Differential drop-out could be another bias in this study since those responding to the questionnaire and attending the physical examination were better educated than non-responders and non-participants. Our attrition analyses showed that non-participants had more exposure-years than participants. It is not known, whether inclusion of the non-responders and non-participants would have changed the associations between exposures and HGS.
Strengths and limitations
A major strength of this study was the summation of exposures throughout working life based on information from a job exposure matrix. However, job exposure matrices have potential biases too, including the risk of misclassification of exposure (38). Exposures were assigned to job titles in homologous exposure groups, but variation between exposures in the groups could lead to non-differential bias. Changes in exposures over time were another possible bias in this study. Jobs in the 1970s were assigned the same exposures as the same job titles in the 1990s, even though physical exposures at work have declined in the last 40 years (39). However, we expect the effect of this potential bias to be small in this age-homogeneous cohort. Another possible bias is the standardization of exposure. Twenty ton-years can be “earned” in only 10 years of heavy work or 40 years of less heavy work. The physiological effect of these two types of exposure on muscle strength could be different, but is treated equally in our analyses. However, inclusion of seniority at work as a covariate did not change our results (results not shown).

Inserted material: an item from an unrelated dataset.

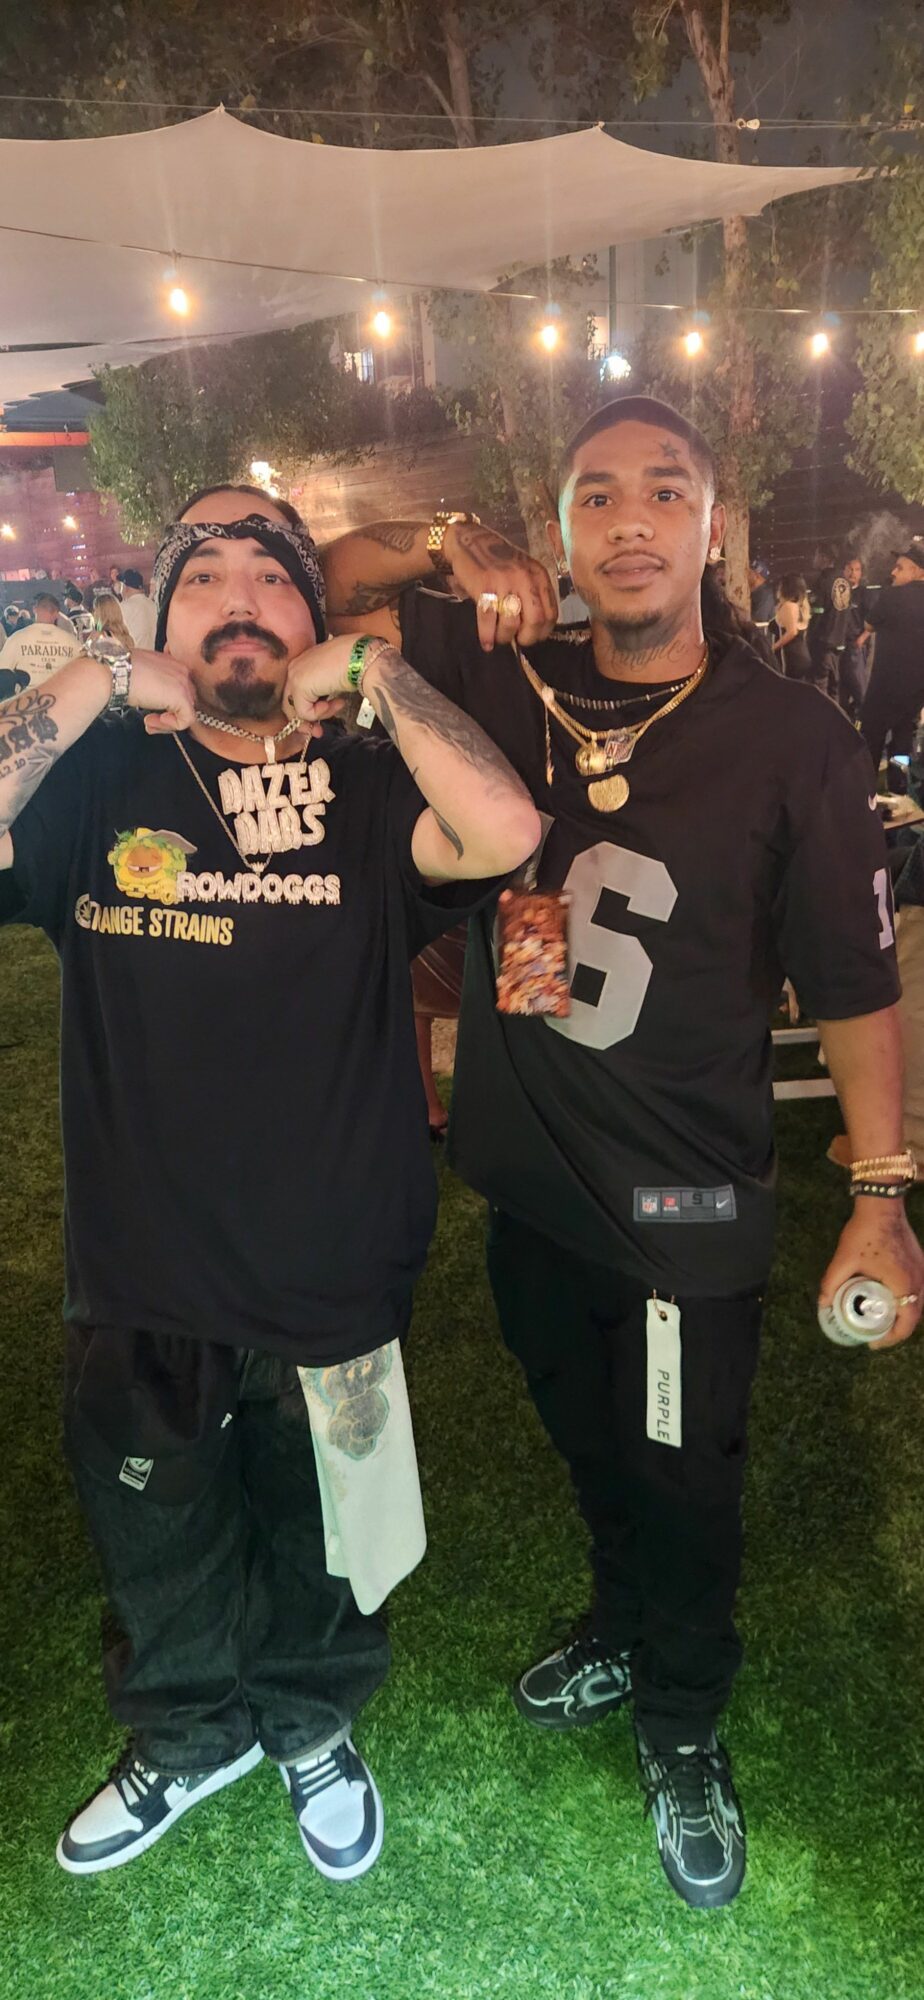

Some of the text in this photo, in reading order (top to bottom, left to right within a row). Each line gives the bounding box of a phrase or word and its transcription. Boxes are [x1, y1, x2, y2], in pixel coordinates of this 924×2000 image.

The large sample size and recruitment from the general population were also strengths of this study and the mean HGS measured in this population corresponds well with recent findings in a Danish population-based cross-sectional study using a Jamar dynamometer (40).
Concluding remarks
A history of physical exposures at work explained only a minor part of the variation in HGS though exposure to kneeling throughout working life was associated with a slightly higher HGS among men. In future follow-up studies, the age-related decline in HGS in this cohort will be studied also from the perspective of lifetime occupational physical exposures.